Who came up with the idea for this music video?
In this situation, it was really perfect how it worked out. I had an idea for a music video in the summer, and then in the fall Lena reached out and sent us her song. My cinematographer, Brody Carmichael, had just finished shooting a series of music videos for the musician Mobley. Lena had been involved in those music videos, so she found us through that and sent us her song. She didn't have a preexisting idea of exactly what she wanted to do, but I had already been looking for an artist whose music and vibe matched the aesthetic that I had in mind for this theoretical music video idea, and her song felt like a really good fit.
You unleashed a core memory of mine with this video. It was a one-of-a-kind video someone decided to upload onto YouTube. It was so cool to see you elaborate on that video and add your own spin.

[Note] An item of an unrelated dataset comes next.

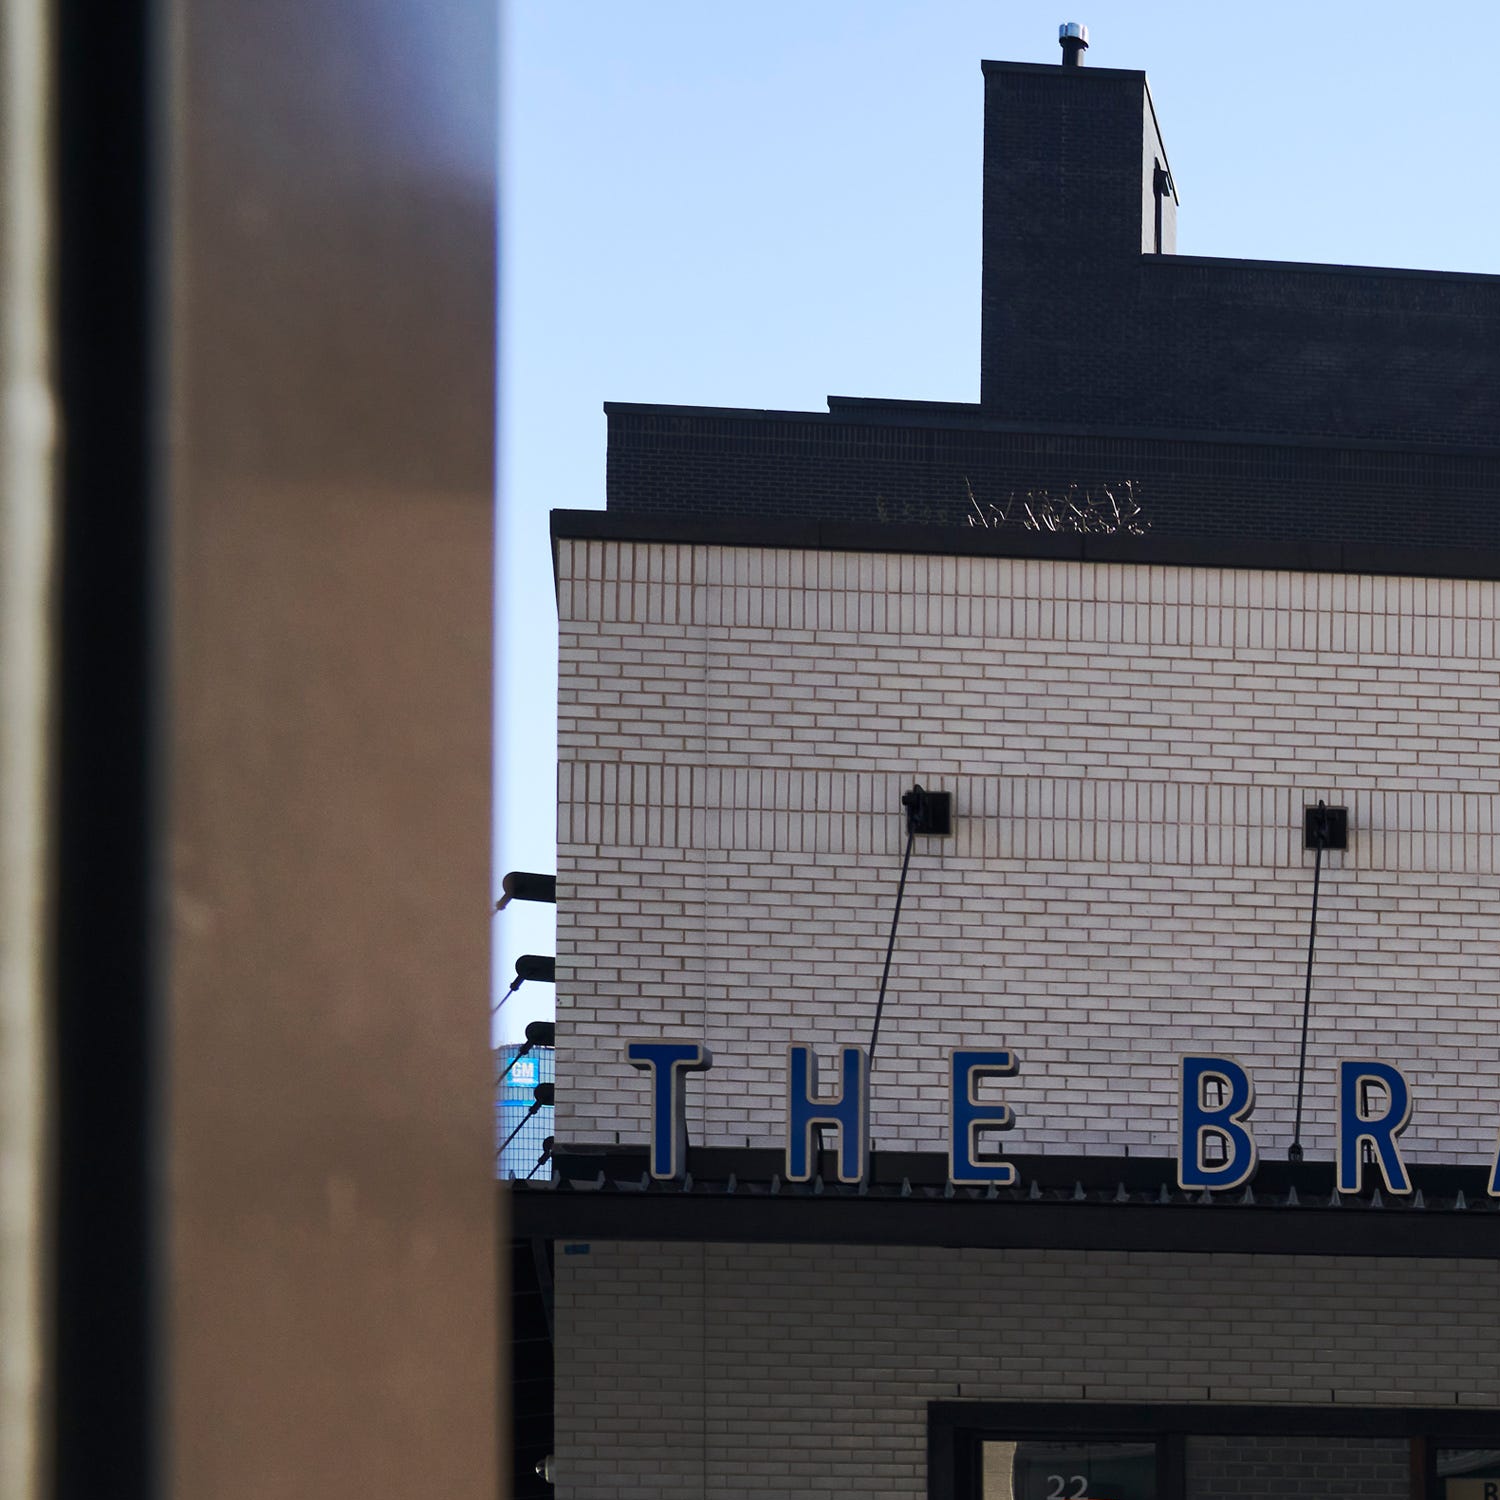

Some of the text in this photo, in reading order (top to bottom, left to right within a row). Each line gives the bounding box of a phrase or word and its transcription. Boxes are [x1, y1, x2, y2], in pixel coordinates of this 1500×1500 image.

Just to give even more context to the readers, the origin of the idea is a viral video that began circulating in the early days of the Internet. The creator of the video on his website at the time declared that he was creating a new pop star for the Internet era. And the video is terrifying! If you've ever seen it, you'd never forget it because it feels like it was broadcast from another dimension and into our own. One of the fascinating things about it is that no one knows what happened to the guy who made the video. No one knows what happened to this android that he built. There's all of this mystery, and in the void space of that mystery, all of these legends and lores and conspiracy theories have grown and spread.
What was it like directing Lena? Did she help bridge some gaps in your main idea for this video?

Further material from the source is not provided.